Moreover, RBI has extended special CDRs to a sector or industry as a whole. For instance, Kingfisher’s CDR was part of an industry package for the aviation sector, approved by RBI in mid-2010. During the 2008-09 economic slowdown, the central bank allowed easier CDRs, as it feared several companies could go down if their debt burden was not reduced.
FEELING THE HEAT Ispat industries (Rs crore) | |||
Particulars | Standalone financial results | ||
Quarter ended September 30 | Fifteen months ended June 30 | ||
2010 unaudited | 2009 unaudited | 2010 audited | |
Total sales/ income from operations | 2,184.58 | 2,048.64 | 10,576.52 |
Total expenditure | 2,415.58 | 1,901.09 | 9,629.70 |
Net profit/(loss) | (331.62) | (79.41) | (322.34) |
Sources: Companies |
Couple the RBI mindset with the fact that promoters, too, find enough reasons to justify the first, second, and even a third CDR. For example, in its discussion document (January 2011) for investors, Kingfisher hinted at a near-term turnaround of its operations.

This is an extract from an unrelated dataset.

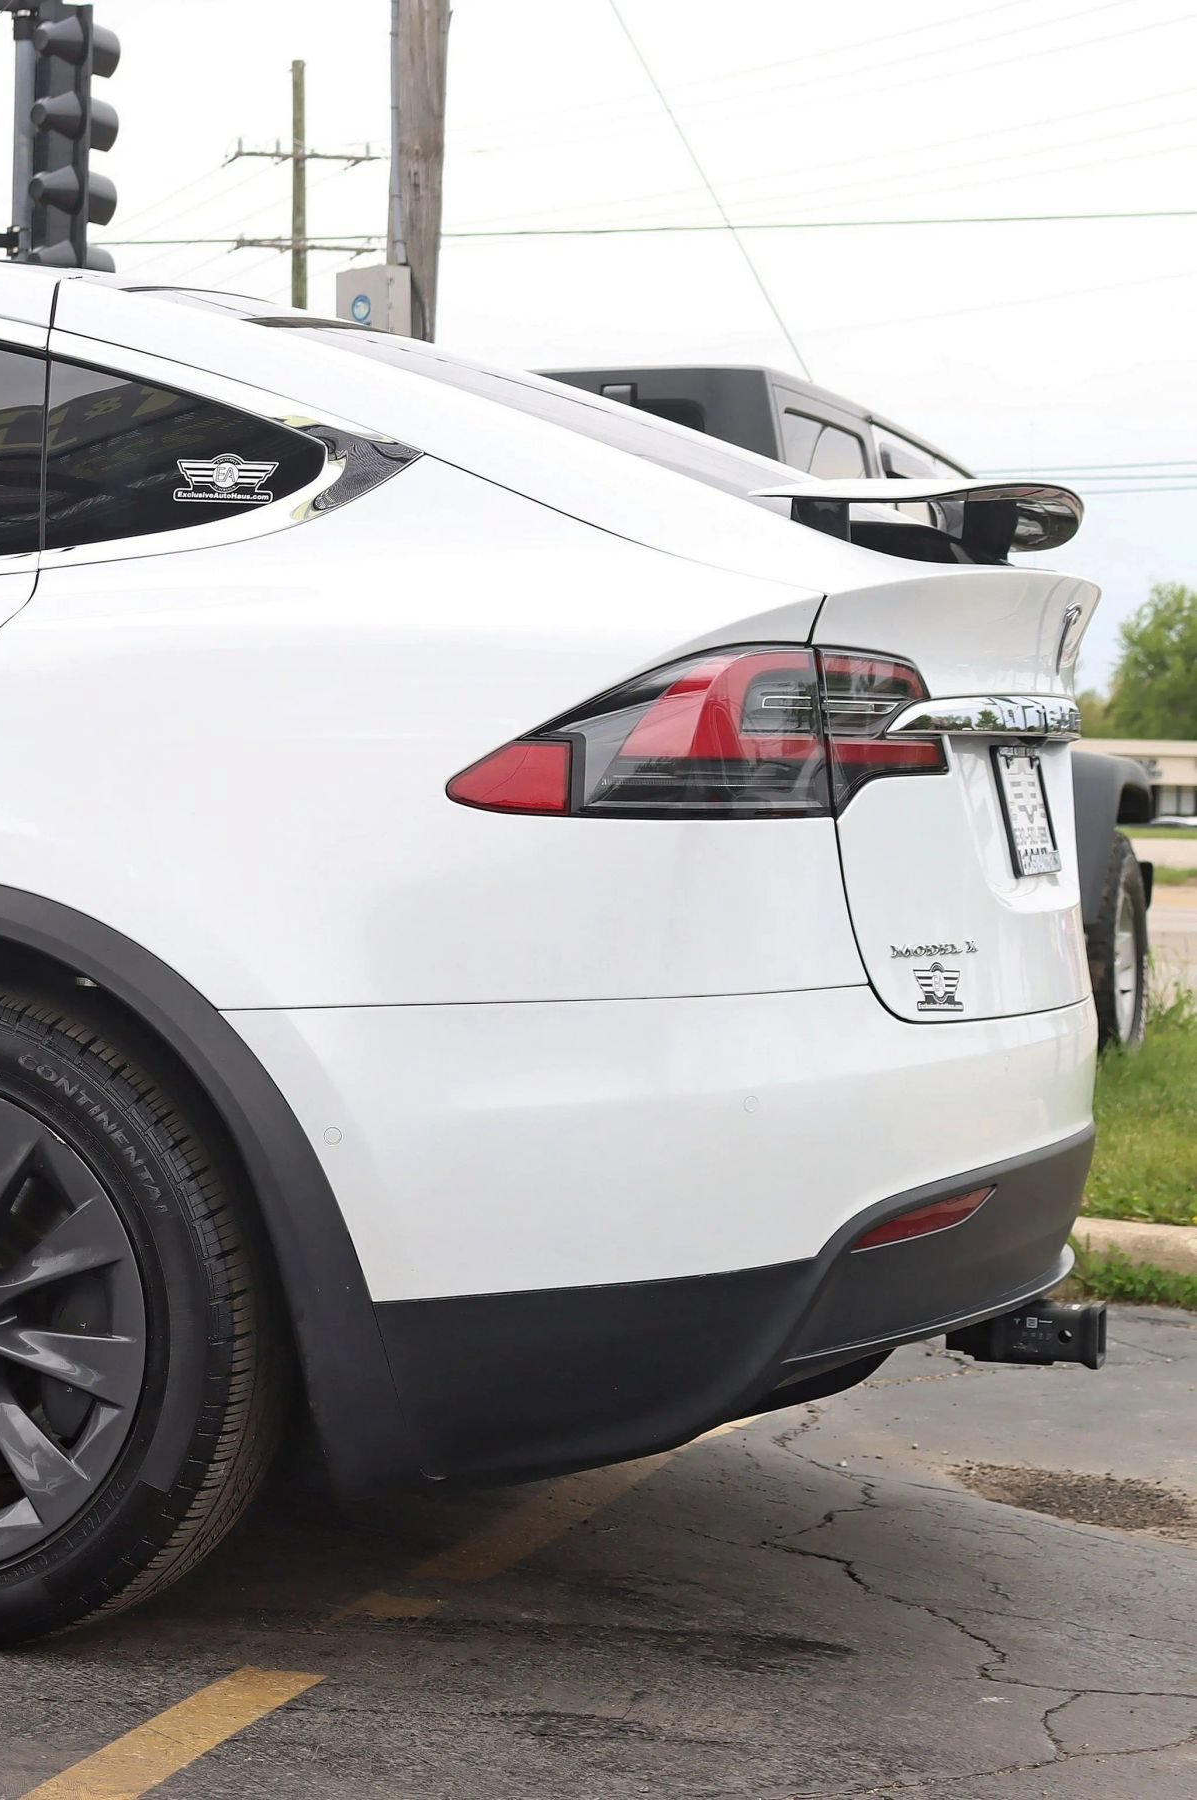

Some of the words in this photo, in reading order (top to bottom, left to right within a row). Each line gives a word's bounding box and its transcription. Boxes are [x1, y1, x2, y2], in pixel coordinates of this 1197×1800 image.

NOT SO GOOD TIMES Kingfisher Domestic (Rs crore) | |||
FY09 | FY10 | H1FY11 | |
Operating revenue | 5,137 | 4,522 | 2,362 |
Other income | 308 | 153 | 177 |
Fuel cost | 2,476 | 1,505 | 746 |
Non-fuel cost | 2,977 | 2,623 | 1,150 |
Rentals | 1,040 | 864 | 358 |
Ebitda | -1,047 | -317 | 285 |
Ebitda margins | -0.19 | -6.8% | 11.2% |
Ebitda minus other income | -26.4% | -10.40% | 4.6% |
* Account groupings for FY09 & FY10 are adjusted on the basis of H1FY11 |
One, the aviation market is bound to grow at a frenetic pace and, according to Capa, domestic rates will “expand at 14.8 per cent CAGR through 2020”. Two, Kingfisher earned an operating profit (with a net loss) in the first half of 2010-11. With lower debt and lower interest, profitability could improve in 2011-12. Three, company will see huge infusion of funds through its proposed GDR issue.
Ispat, too, had painted such rosy pictures while negotiating the restructuring with financial institutions. It talked about quick financial closures for its proposed captive power plant, one million tpa coke oven, and a 2 million tpa pellet plant. It stated inflow of huge sums through sale of flats at its Peddar Road property in Mumbai. But then, it found other explanations to delay the process.
In the end, it is for financial institutions and banks to figure out the genuineness of promoters, as well as the potential of a sector, before finalising a CDR package. If the only reason behind the CDR system is to prevent a loan account from becoming a non-performing asset, promoters will invariably manage to put pressure on lenders. RBI cannot watch these developments from a distance. It has to become an interested participant.